[…] Gli zapatisti non sono affatto un fenomeno eccezionale.
Parlano una varietà di lingue maya (tzeltal, tojalobal, chol, tzotzil, mam),
sono originari di comunità che hanno tradizionalmente conosciuto un certo grado
di autogoverno (in parte perché così potevano funzionare come riserve di lavoro
indigeno per gli allevamenti e le piantagioni situati altrove), e di recente
hanno formato nuove comunità, in gran parte multietniche, in nuovi territori
della Selva Lacandona [Collier, 1999; Ross, 2000; Rus, Hernandez e Mattiace,
2003]. In altre parole, sono un classico esempio di quegli spazi di
improvvisazione democratica di cui ho parlato, in cui un amalgama indefinito di
persone, molte delle quali con esperienze precedenti di autogoverno municipale,
porta alla costituzione di comunità inedite al di fuori del controllo
diretto dello Stato. E non c’è niente di particolarmente nuovo neppure nel
fatto che sono al centro di un gioco globale di influenze: se da una parte
hanno assorbito idee da molti posti, dall’altra con il loro esempio hanno
avuto un enorme impatto sui movimenti sociali di tutto il pianeta.
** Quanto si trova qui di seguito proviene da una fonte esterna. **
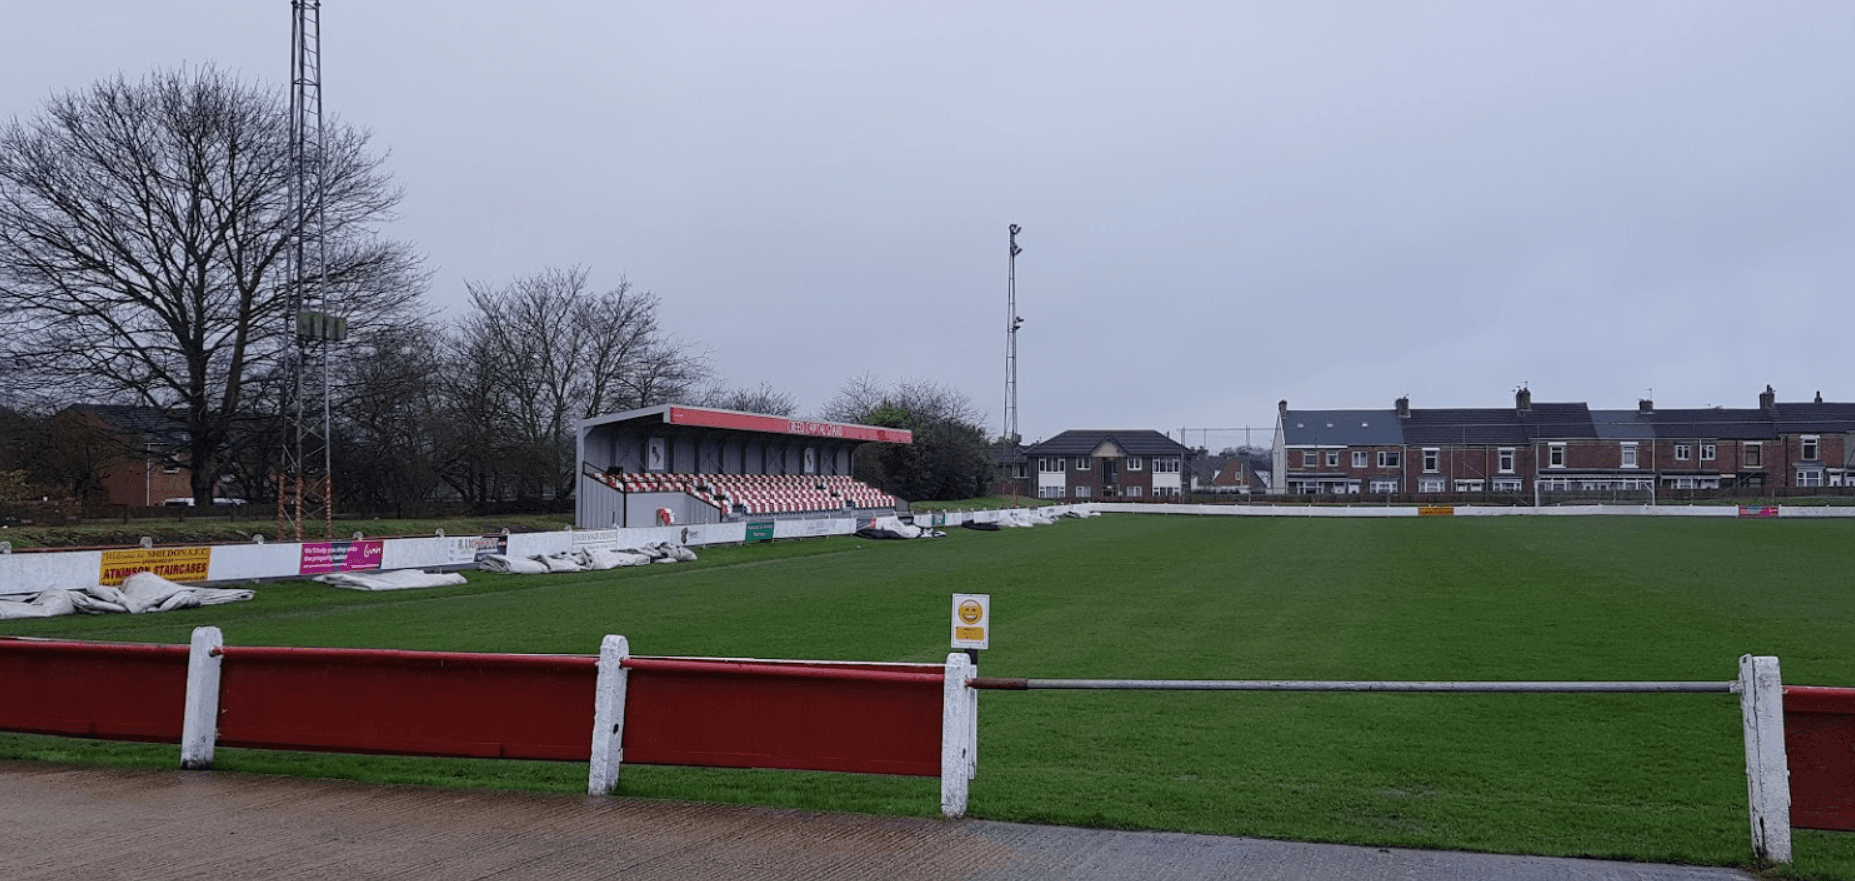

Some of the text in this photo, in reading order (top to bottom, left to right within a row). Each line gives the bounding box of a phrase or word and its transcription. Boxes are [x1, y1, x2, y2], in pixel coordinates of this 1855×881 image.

Il
primo encuentro zapatista del 1996, per esempio, ha portato alla
formazione di una rete internazionale denominata People’s Global Action (pga) e
basata sui principi di autonomia, orizzontalità e democrazia diretta. Sono
entrati a farne parte i gruppi più disparati, come il Movimento dos
Trabalhadores Rurais Sem Terra in Brasile, la Karnataka State Farmer’s
Association (un gruppo indiano di azione diretta che si ispira al socialismo
gandhiano), e un numero infinito di collettivi anarchici in Europa e nelle
Americhe, oltre a numerose organizzazioni indigene di ogni continente. È stato
proprio il pga a chiamare a raccolta contro la riunione del wto a Seattle nel
novembre 1999. I principi dello zapatismo, il rifiuto
dell’avanguardismo, l’enfasi sulla creazione di alternative
percorribili nella propria comunità al fine di sovvertire la logica del
capitale globale: tutto questo ha avuto un’enorme influenza su coloro che
hanno partecipato ai nuovi movimenti sociali, anche se spesso le persone
coinvolte avevano solo una vaga idea di chi fossero gli zapatisti e quasi
sicuramente non avevano mai sentito parlare del pga. Senza dubbio lo sviluppo
di internet e delle comunicazioni globali ha permesso a questo processo di
procedere più velocemente che in passato, aprendo la strada ad alleanze più
formali ed esplicite, ma questo non significa che ci troviamo di fronte a un
fenomeno senza precedenti.
Si può valutare l’importanza di questo punto solo se si prende in
considerazione ciò che può succedere quando non lo si tiene sempre ben
presente. Voglio a questo proposito citare un autore le cui posizioni sono
piuttosto vicine alle mie. In un libro intitolato Cosmopolitanism [2002], Walter
Mignolo spiega in modo efficace quanto siano legati all’idea di
conquista e di imperialismo la tesi di Kant sul cosmopolitismo o la
dichiarazione delle Nazioni Unite sui diritti umani. Inoltre cita l’appello
alla democrazia degli zapatisti per rispondere a Slavoj Žižek quando afferma
che gli attivisti di sinistra devono stemperare la critica all’etnocentrismo,
riconoscendo che la democrazia è «l’autentica eredità europea dall’antica
Grecia in avanti» [1998, p. 1009]. Scrive Mignolo:
Gli zapatisti hanno utilizzato la parola «democrazia» nonostante essi la
intendano in modo differente rispetto al senso che le attribuisce il governo
messicano. La democrazia non viene concettualizzata dagli zapatisti a
partire dalla filosofia politica europea, ma a partire dal modello di
organizzazione sociale dei Maya, fondato sulla reciprocità, sui valori
comunitari invece che sui valori individuali, sulla saggezza piuttosto che
sull’epistemologia […]. Gli zapatisti non hanno avuto scelta. Sono
stati costretti a usare la parola imposta dal discorso politico egemonico,
sebbene l’utilizzo della medesima parola non comporti una sua interpretazione
mono-logica. Ma una volta che è stata utilizzata, la parola «democrazia»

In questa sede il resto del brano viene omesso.